The Supreme Court on Tuesday (February 11, 2025) said it cannot “micro-manage” criminal prosecutions of mob lynchings and violence in “different areas or different States” across the country sitting in Delhi while urging victims to approach the local courts and State authorities to comply with the apex court’s directions in a 2018 judgment to prevent and fairly investigate hate crimes and communal violence.
A Bench headed by Justice BR Gavai, hearing a petition filed by National Federation of Women, disagreed with a plea for payment of “uniform” amount of compensation to victims of mob-lynchings.
Justice Gavai, in the order, reasoned that injuries would be different from case to case. Some victims may suffer serious injuries and others not so grievous. Ordering uniform compensation would be unjust to the victims. Compensation should be fixed by States according to the seriousness of the injuries.
The top court’s 2018 judgment in the Tehseen Poonawala case had issued a series of guidelines to the States and their police forces to take steps to prevent communal violence and lynchings. The court, in its judgment, had directed the police to register FIRs and prosecute the perpetrators without delay.
“When directions are issued by the Supreme Court, they are binding on all courts and authorities across the country under Article 141 of the Constitution. Sitting here in Delhi, we cannot monitor incidents in different areas of different States. Such a micro-management is not feasible,” the court observed, disposing of the case.

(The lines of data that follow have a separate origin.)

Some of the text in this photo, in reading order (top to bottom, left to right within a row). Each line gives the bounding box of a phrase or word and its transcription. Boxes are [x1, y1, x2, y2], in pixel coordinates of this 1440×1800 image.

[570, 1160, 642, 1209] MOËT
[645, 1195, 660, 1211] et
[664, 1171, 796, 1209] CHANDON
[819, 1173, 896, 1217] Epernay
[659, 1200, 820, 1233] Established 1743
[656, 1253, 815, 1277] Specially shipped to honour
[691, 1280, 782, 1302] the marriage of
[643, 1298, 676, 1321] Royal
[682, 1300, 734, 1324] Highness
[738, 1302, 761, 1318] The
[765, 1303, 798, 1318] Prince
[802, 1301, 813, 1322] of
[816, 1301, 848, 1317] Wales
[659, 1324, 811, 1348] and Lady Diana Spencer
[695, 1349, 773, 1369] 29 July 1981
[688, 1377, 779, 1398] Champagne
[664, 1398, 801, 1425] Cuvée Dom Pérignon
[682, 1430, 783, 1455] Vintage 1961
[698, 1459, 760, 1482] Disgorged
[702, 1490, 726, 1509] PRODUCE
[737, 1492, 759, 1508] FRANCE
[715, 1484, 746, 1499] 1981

Solicitor General Tushar Mehta said mob-lynching was a separate offence under the new criminal law. Any violation, the law would take its own course. Mr. Mehta agreed the 2018 directions of the Supreme Court were binding on all.

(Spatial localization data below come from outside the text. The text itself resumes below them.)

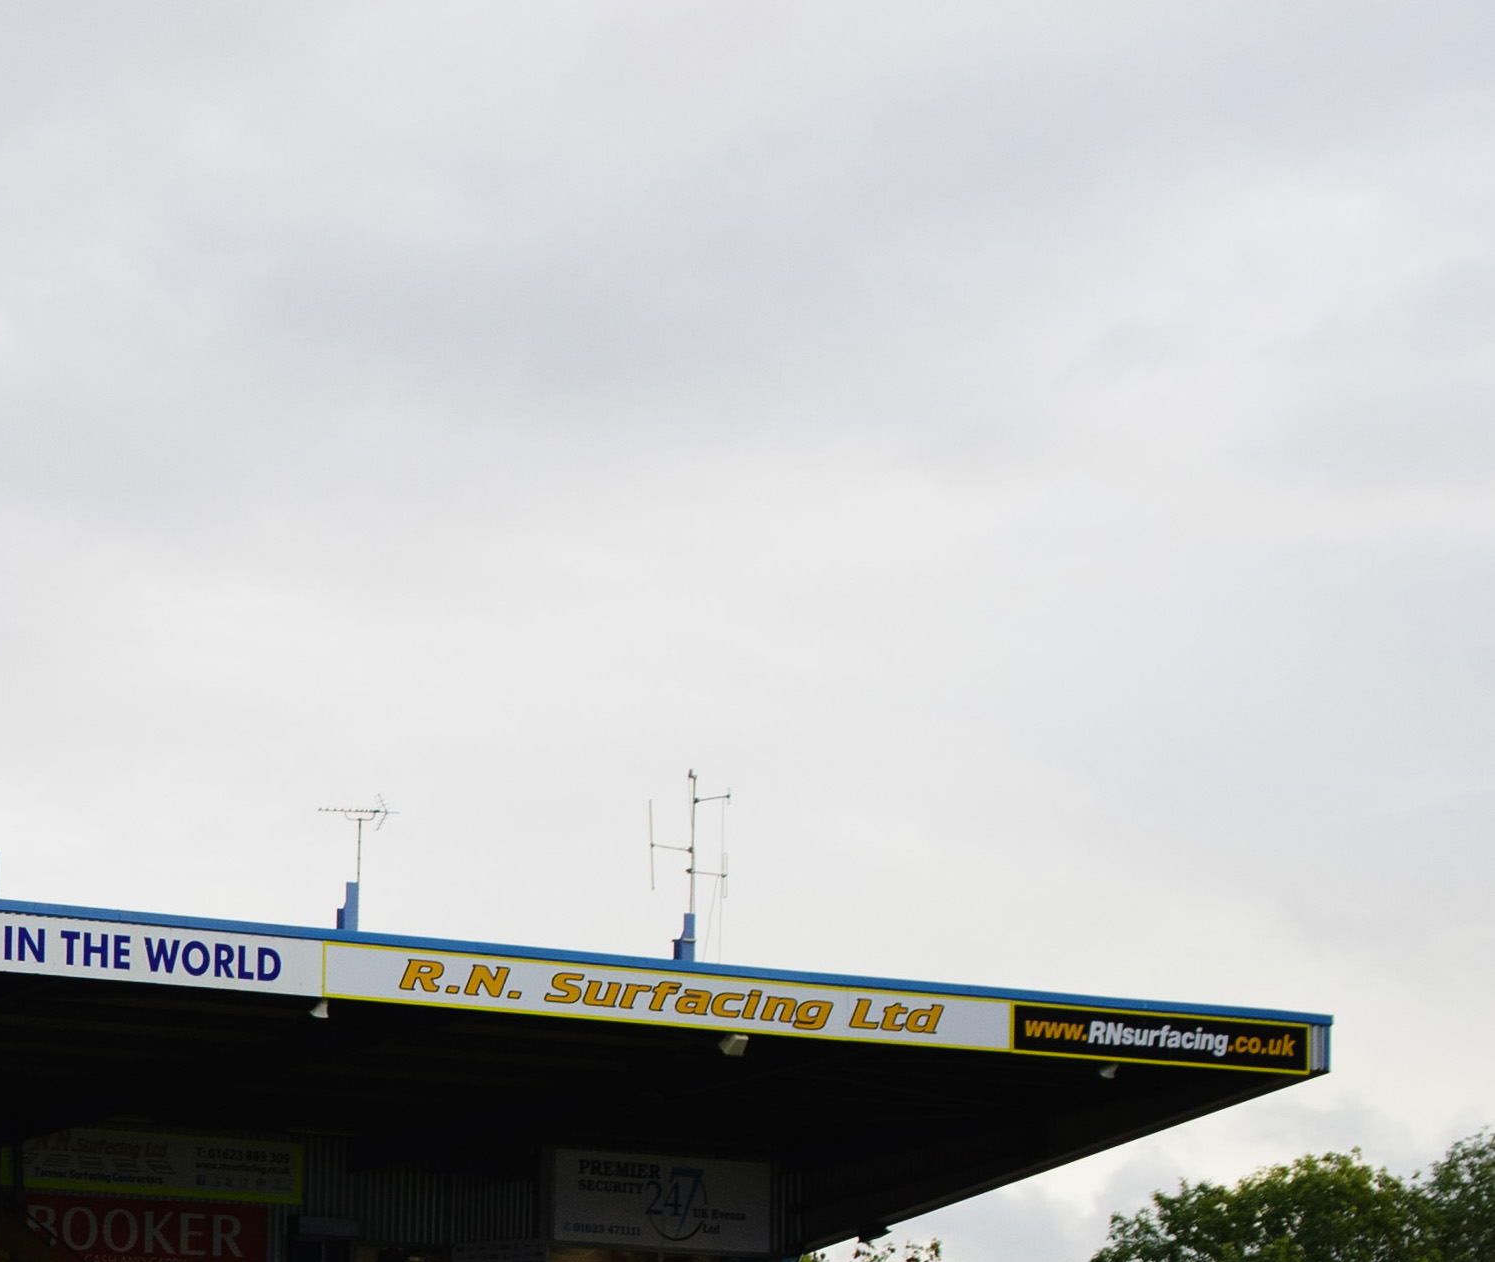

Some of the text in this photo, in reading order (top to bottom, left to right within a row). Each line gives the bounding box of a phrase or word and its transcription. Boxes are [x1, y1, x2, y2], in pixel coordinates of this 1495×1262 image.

[4, 925, 44, 962] IN
[61, 930, 130, 970] THE
[145, 937, 281, 982] WORLD
[400, 959, 944, 1034] R.N. Surfacing Ltd
[1025, 1020, 1295, 1057] www.RNsurfacing.co.uk
[209, 1147, 242, 1161] 01623
[245, 1150, 267, 1162] 889
[578, 1159, 661, 1179] PREMIER
[578, 1179, 644, 1194] SECURITY
[693, 1208, 746, 1221] UK Events
[26, 1204, 244, 1258] BOOKER

Advocate Nizam Pasha, appearing for the petitioner, submitted the directions were being complied more in breach. Private bodies, armed with police powers, were behind mob lynchings of minority community members in the name of cow protection.
Mr. Pasha said these private entities or ‘gaurakshaks’ drew their powers from notifications issued by the States. He said 13 States had issued notifications empowering private bodies to check “cattle-smuggling”. The notifications had almost identical language.
The petitioner submitted there was an “alarming rise in cases of lynchings and mob violence against Muslims”.
“The instant urgent relief is also being sought in view of the consistent failure of the State machinery to take adequate preventive and consequential action to curb the menace of lynching and mob violence. The positive duty of the State to protect the fundamental rights and freedoms of all individuals and the primary responsibility of the State to foster a secular, pluralistic and multiculturalist social order, have been recognised by this court in several judgments, including in Tehseen Poonawalla,” the petition had said.